The user's guide is at

http://www.animats.com/papers/languages/newthreadingintro.html

The user guide says:

The suggested import is

from newthreading import *

The import * form is considered bad practise in *general* and should not be recommended unless there is a good reason. This is slightly off-topic for python-dev, although I appreciate that you want feedback with the eventual goal of producing a PEP - however the introduction of free-threading in Python has not been hampered by lack of synchronization primitives but by the difficulty of changing the interpreter without unduly impacting single threaded code.

Providing an alternative garbage collection mechanism other than reference counting would be a more interesting first-step as far as I can see, as that removes the locking required around every access to an object (which currently touches the reference count). Introducing free-threading by *changing* the threading semantics (so you can't share non-frozen objects between threads) would not be acceptable. That comment is likely to be based on a misunderstanding of your future intentions though. :-)

All the best,

Michael Foord

This is a pure Python implementation of synchronized objects, along
with a set of restrictions which make programs race-condition free,
even without a Global Interpreter Lock. The basic idea is that
classes derived from SynchronizedObject are automatically locked
at entry and unlocked at exit. They're also unlocked when a thread
blocks within the class. So at no time can two threads be active
in such a class at one time.

In addition, only "frozen" objects can be passed in and out of
synchronized objects. (This is somewhat like the multiprocessing
module, where you can only pass objects that can be "pickled".
But it's not as restrictive; multiple threads can access the
same synchronized object, one at a time.

This pure Python implementation is usable, but does not improve
performance. It's a proof of concept implementation so that
programmers can try out synchronized classes and see what it's
like to work within those restrictions.

The semantics of Python don't change for single-thread programs.
But when the program forks off the first new thread, the rules
change, and some of the dynamic features of Python are disabled.

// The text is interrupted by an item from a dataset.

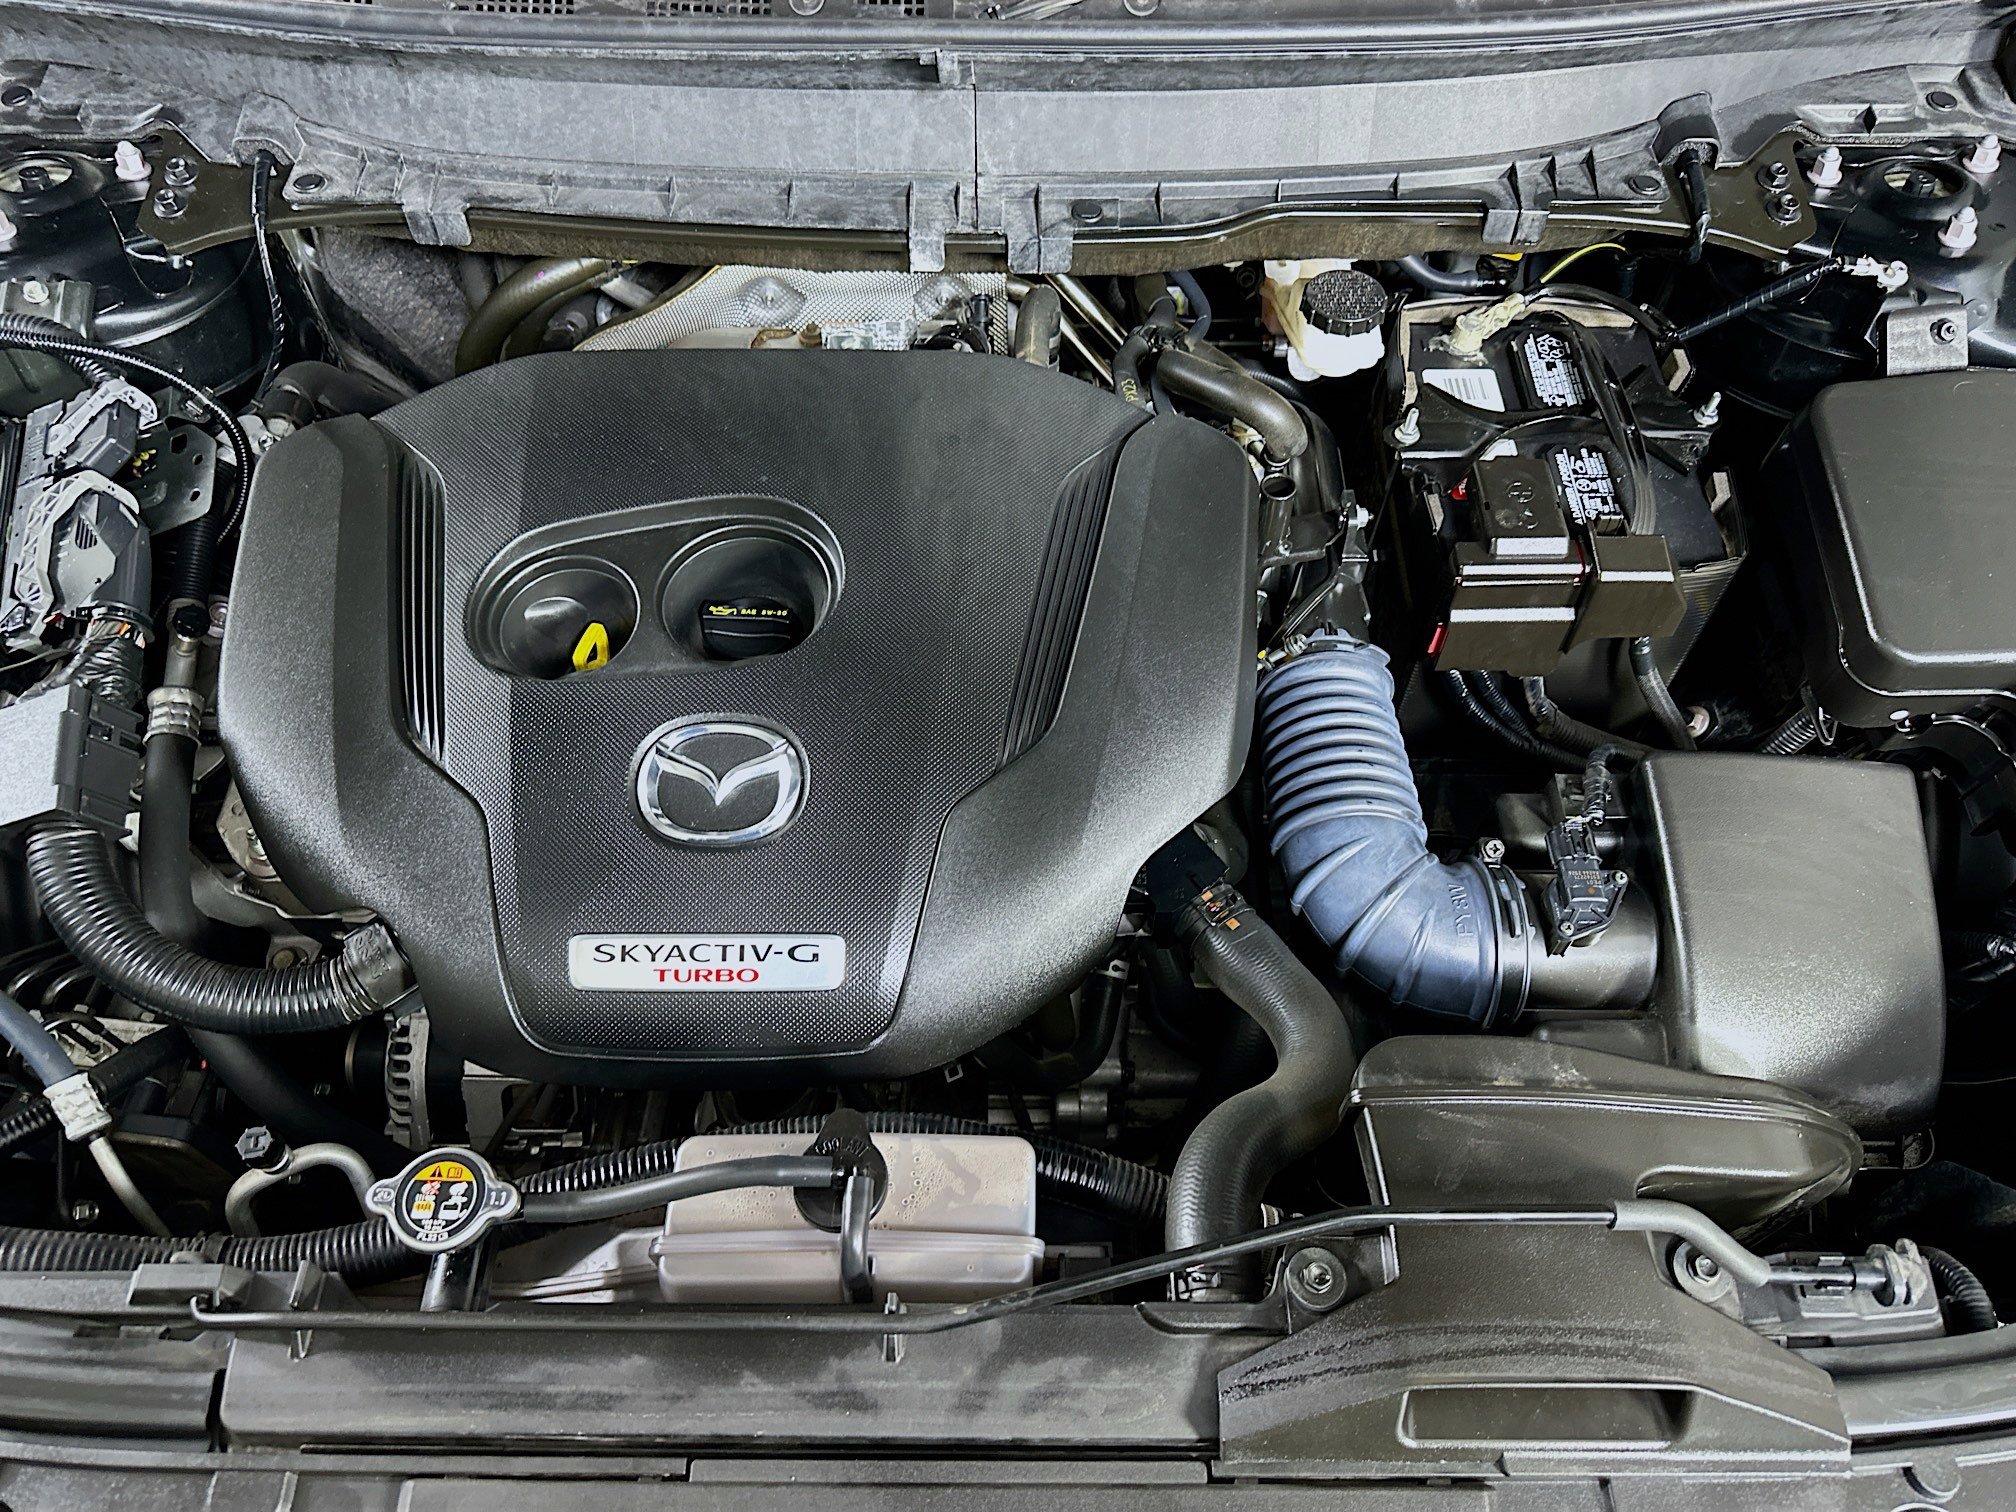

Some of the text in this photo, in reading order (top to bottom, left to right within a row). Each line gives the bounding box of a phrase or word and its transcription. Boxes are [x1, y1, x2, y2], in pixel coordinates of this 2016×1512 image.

Some of the ideas are borrowed from Java, and some are from
"safethreading". The point is to come up with a set of liveable
restrictions which would allow getting rid of the GIL. This
is becoming essential as Unladen Swallow starts to work and the
number of processors per machine keeps climbing.

This may in time become a Python Enhancement Proposal. We'd like
to get some experience with it first. Try it out and report back.
The SourceForge forum for the project is the best place to report problems.